Japan is within the top ten countries ranked for education, but like all first world countries the onset of COVID-19 has thrown the system into disarray. Schools and educators alike are scrambling to adapt to a new normal where health conditions have to be strenuously checked and class numbers kept low to prevent clusters forming.
On the downside, the disruption to the regular academic year has not only impacted education, but social life and even family income. Parents have found it challenging to raise their family while maintaining a steady salary. Those few who can work from home are still tasked with keeping their children fed and in study mode.
With all these challenges it IS hard to see the upside, but there is one. Like all difficult times there is an opportunity for change.
The Japanese educational while good is very rigid and slow to adapt to the times. As early as 2010, when the first tablets first started coming out, Japan’s contemporaries in Europe and North America started to adopt new methods that integrated the new tech. Eventually similar methods were adopted here, but it was a struggle to keep up. And now with COVID we’ve seen another chance to adopt even newer methods that’ll stand the test of emergencies such as this and beyond: Enter Adaptive Education.
Teachers at Nihon Gakuen have been brainstorming new ideas to make the process of learning more robust and capable of handling everything from typhoons, to natural disasters and even school closures.
It’s more than just recording lectures and making them available on YouTube or Zoom conferences. It’s using Google Suite to setup and conduct virtual classes and quizzes or Kahoot! to play games to test student knowledge and retention. It’s using Switcher to conduct virtual open campuses. Everyday new and innovative apps are produced that can potentially improve the learning experience be it in a classroom, at home or even somewhere in between.

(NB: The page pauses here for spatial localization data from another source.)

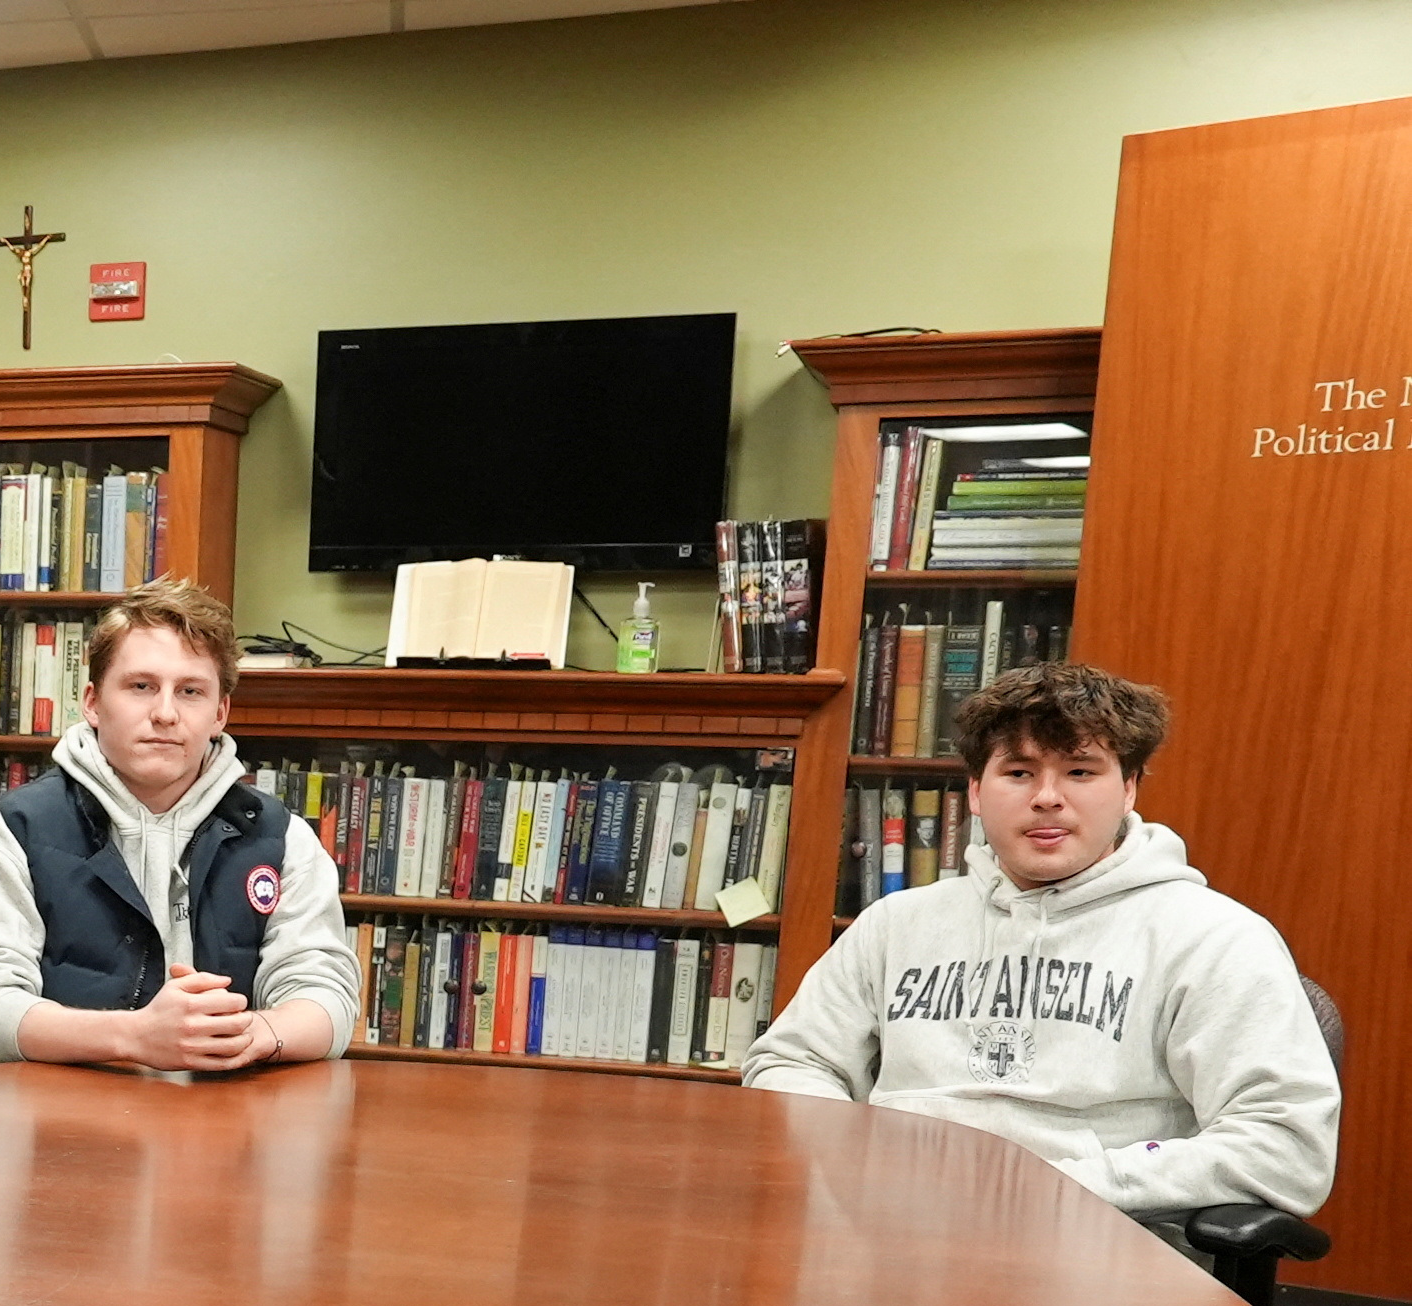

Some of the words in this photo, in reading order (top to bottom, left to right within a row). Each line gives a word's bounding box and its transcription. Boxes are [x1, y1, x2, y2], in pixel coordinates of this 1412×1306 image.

[102, 268, 131, 279] FIRE
[101, 304, 130, 314] FIRE
[1314, 377, 1388, 413] The
[1250, 418, 1397, 459] Political
[988, 633, 998, 666] CACTUS
[606, 792, 614, 803] OF
[949, 799, 958, 822] ROSE
[541, 806, 551, 823] EASY
[599, 805, 612, 836] OFFICE
[611, 792, 626, 839] COMMAND
[631, 797, 648, 860] PRESIDENTS
[538, 826, 548, 840] DAY
[945, 824, 956, 867] KENNEDY
[625, 869, 636, 893] WAR
[888, 957, 992, 1022] SAINT
[989, 955, 1133, 1043] ANSELM
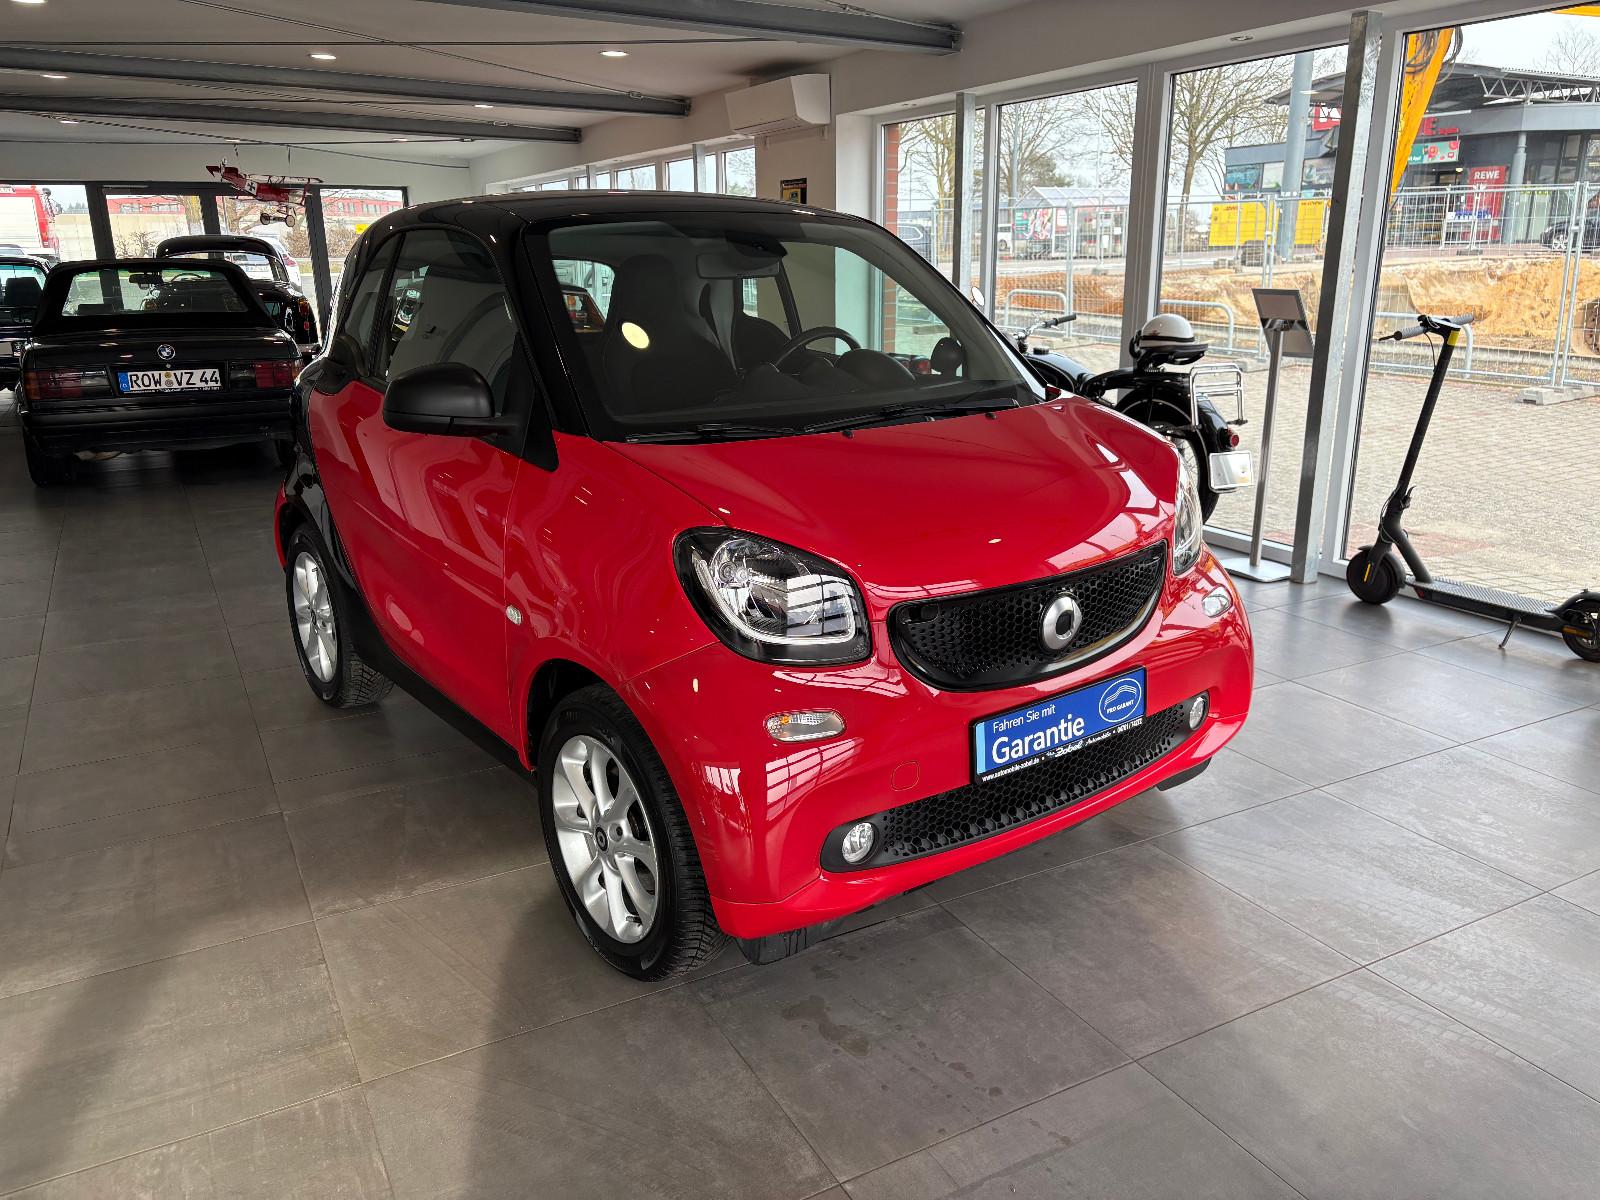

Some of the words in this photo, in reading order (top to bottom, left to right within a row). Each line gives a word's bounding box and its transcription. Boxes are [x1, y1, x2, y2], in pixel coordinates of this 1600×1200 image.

In this instance the term 創発学 doesn’t only apply to students, but teachers as well: The emergence of something uniquely NichiGaku. The opportunities are endless.
And this is only the beginning. With bandwidth being cheap and most of Japan wired for this sort of setup, Adaptive Education may well be the next step towards the evolution of the Japanese education system. As teachers it is also our goal to help seek it out and make it a reality. But as I’ve said before, only time will tell.